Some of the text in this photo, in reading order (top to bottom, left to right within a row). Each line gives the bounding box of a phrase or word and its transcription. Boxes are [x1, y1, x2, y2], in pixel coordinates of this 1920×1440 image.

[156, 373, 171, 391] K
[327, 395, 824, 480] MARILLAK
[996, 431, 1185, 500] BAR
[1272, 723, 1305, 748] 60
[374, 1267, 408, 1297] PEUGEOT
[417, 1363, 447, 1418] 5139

______________________________

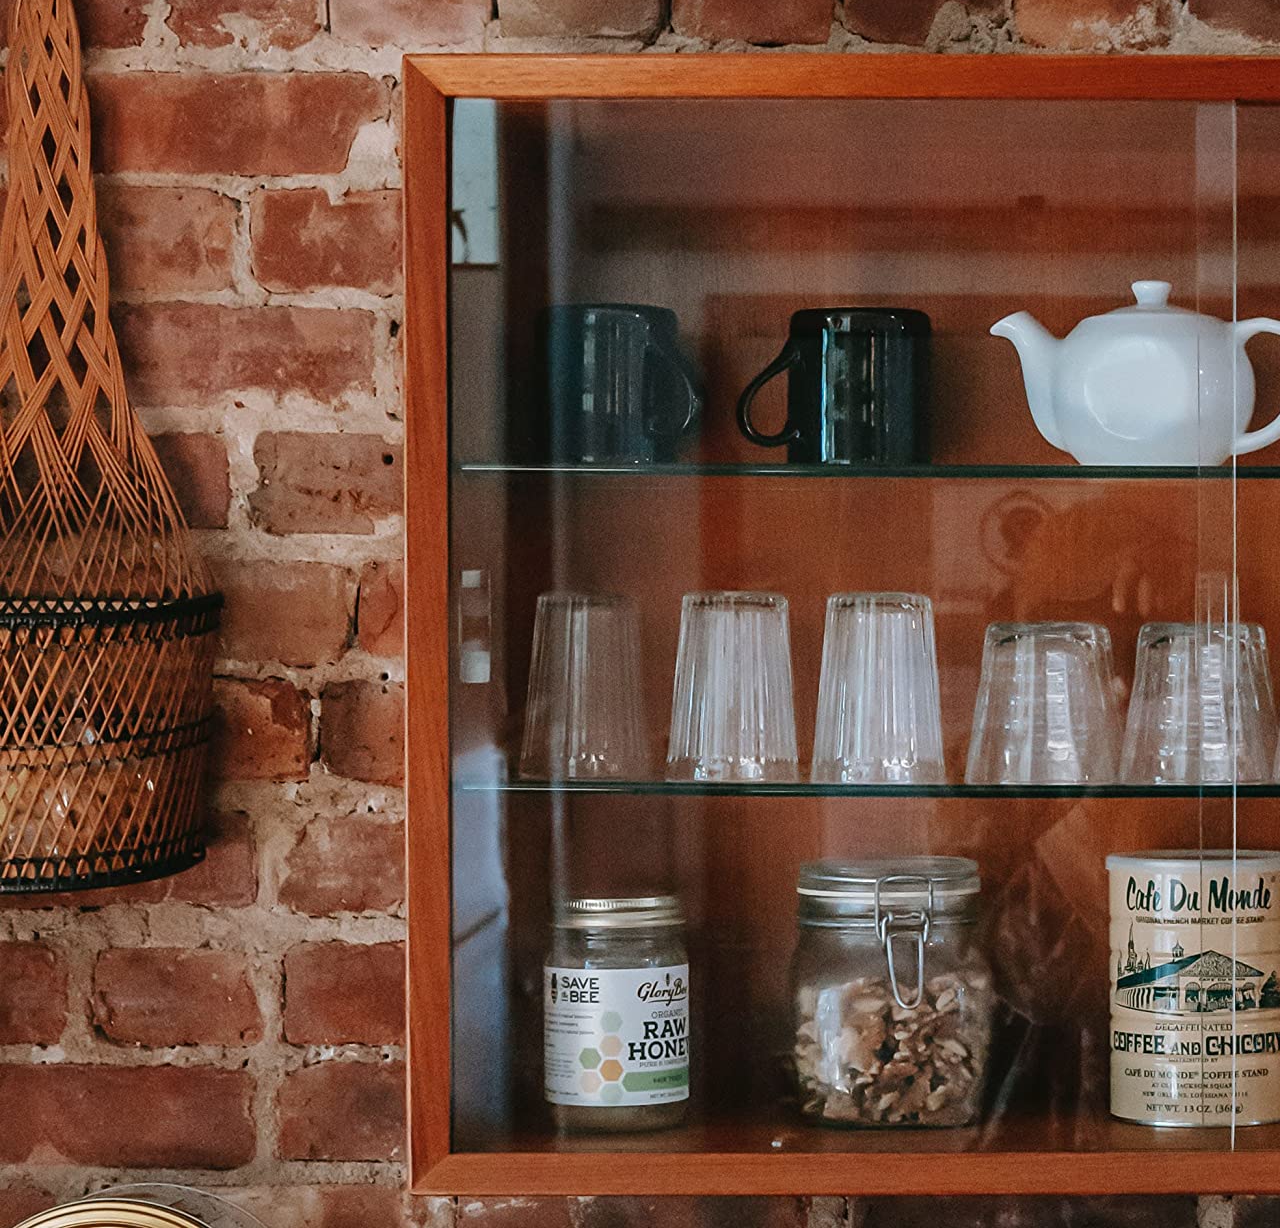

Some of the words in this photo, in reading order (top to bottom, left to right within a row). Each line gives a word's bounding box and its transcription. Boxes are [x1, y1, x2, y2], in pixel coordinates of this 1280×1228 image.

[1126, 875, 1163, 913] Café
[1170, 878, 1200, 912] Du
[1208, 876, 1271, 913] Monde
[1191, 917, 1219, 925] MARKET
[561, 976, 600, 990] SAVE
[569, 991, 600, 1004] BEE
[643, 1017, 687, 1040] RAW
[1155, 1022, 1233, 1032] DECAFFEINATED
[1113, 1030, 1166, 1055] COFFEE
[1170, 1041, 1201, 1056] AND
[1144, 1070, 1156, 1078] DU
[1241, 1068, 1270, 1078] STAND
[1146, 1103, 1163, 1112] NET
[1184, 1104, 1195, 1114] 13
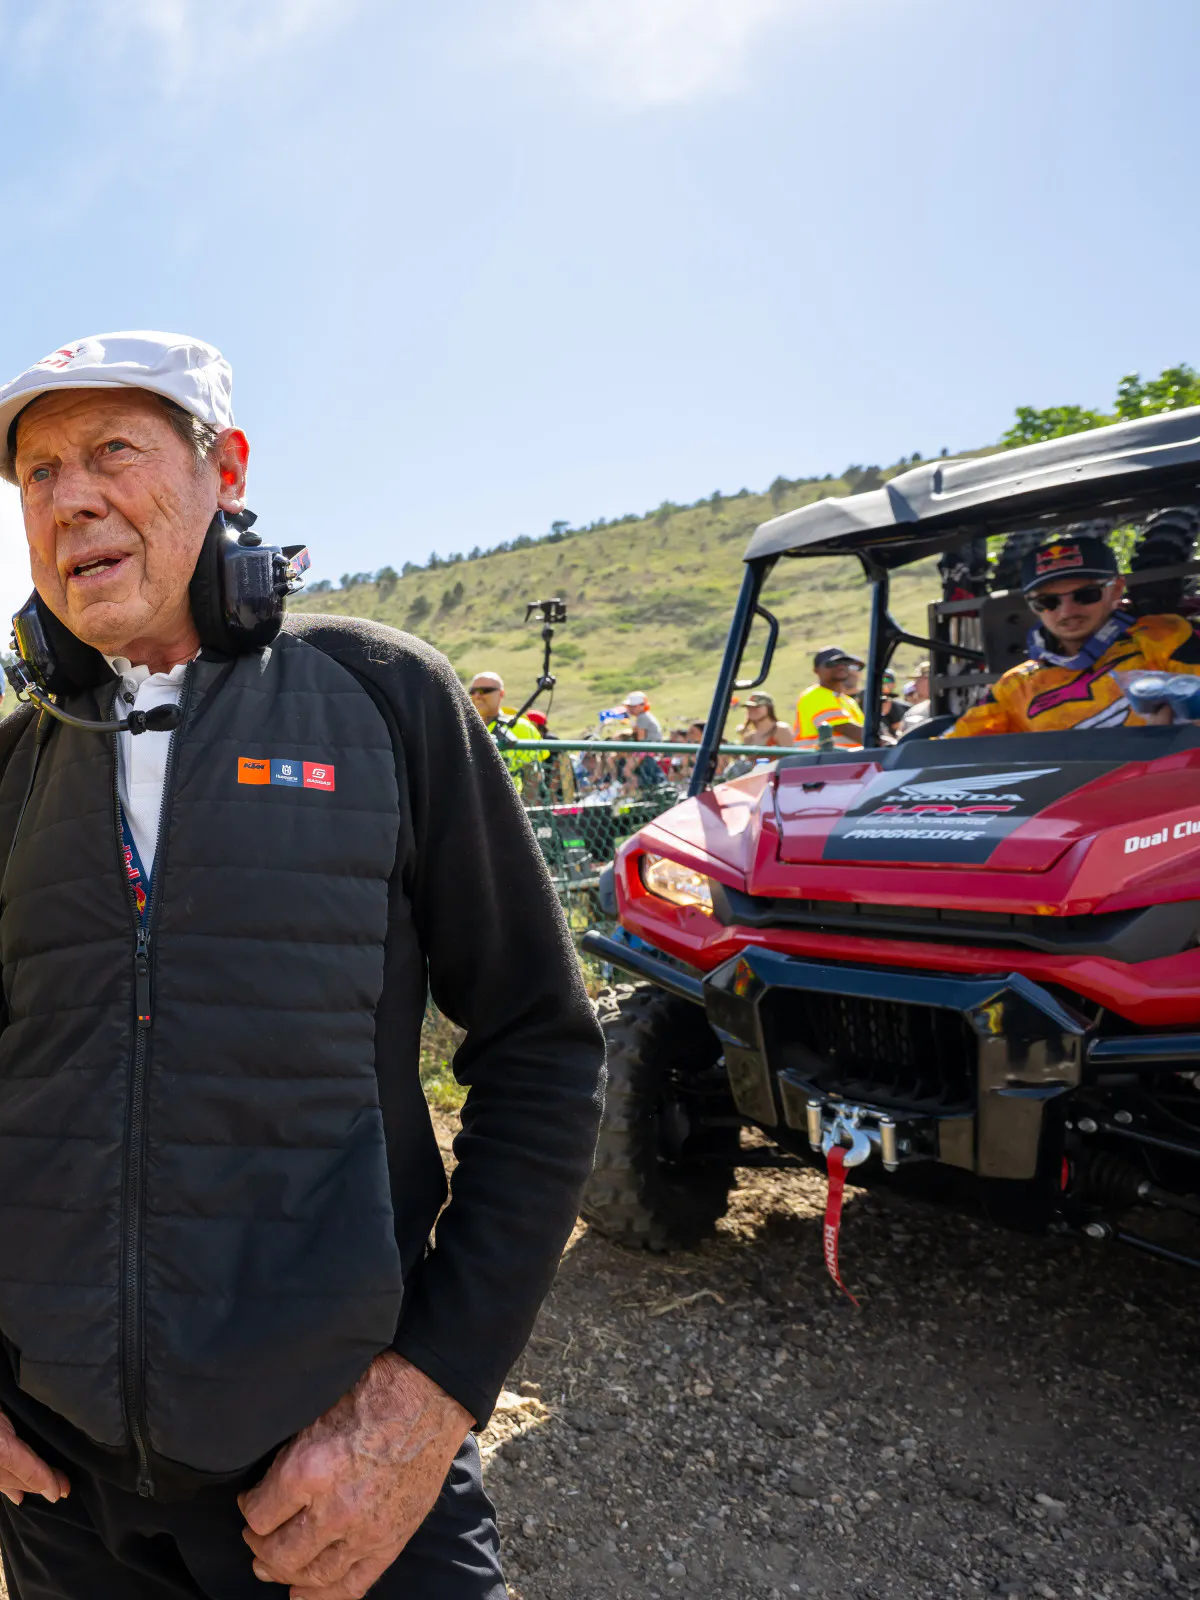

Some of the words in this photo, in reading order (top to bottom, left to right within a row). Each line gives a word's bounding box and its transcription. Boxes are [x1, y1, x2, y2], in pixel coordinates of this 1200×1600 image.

______________________________

● ACTIVITY
Word for word, restate the lines above from the one with "this 1280×1228 image." through the one with "this 1200×1600 image.", keeping both ends and dropping the pictures.

● ANSWER TO THIS TASK
Some of the words in this photo, in reading order (top to bottom, left to right within a row). Each line gives a word's bounding box and its transcription. Boxes are [x1, y1, x2, y2], in pixel coordinates of this 1280×1228 image.

[1126, 875, 1163, 913] Café
[1170, 878, 1200, 912] Du
[1208, 876, 1271, 913] Monde
[1191, 917, 1219, 925] MARKET
[561, 976, 600, 990] SAVE
[569, 991, 600, 1004] BEE
[643, 1017, 687, 1040] RAW
[1155, 1022, 1233, 1032] DECAFFEINATED
[1113, 1030, 1166, 1055] COFFEE
[1170, 1041, 1201, 1056] AND
[1144, 1070, 1156, 1078] DU
[1241, 1068, 1270, 1078] STAND
[1146, 1103, 1163, 1112] NET
[1184, 1104, 1195, 1114] 13

Some of the words in this photo, in reading order (top to bottom, left to right within a row). Each line gives a word's bounding box and its transcription. Boxes are [x1, y1, x2, y2], in pixel coordinates of this 1200×1600 image.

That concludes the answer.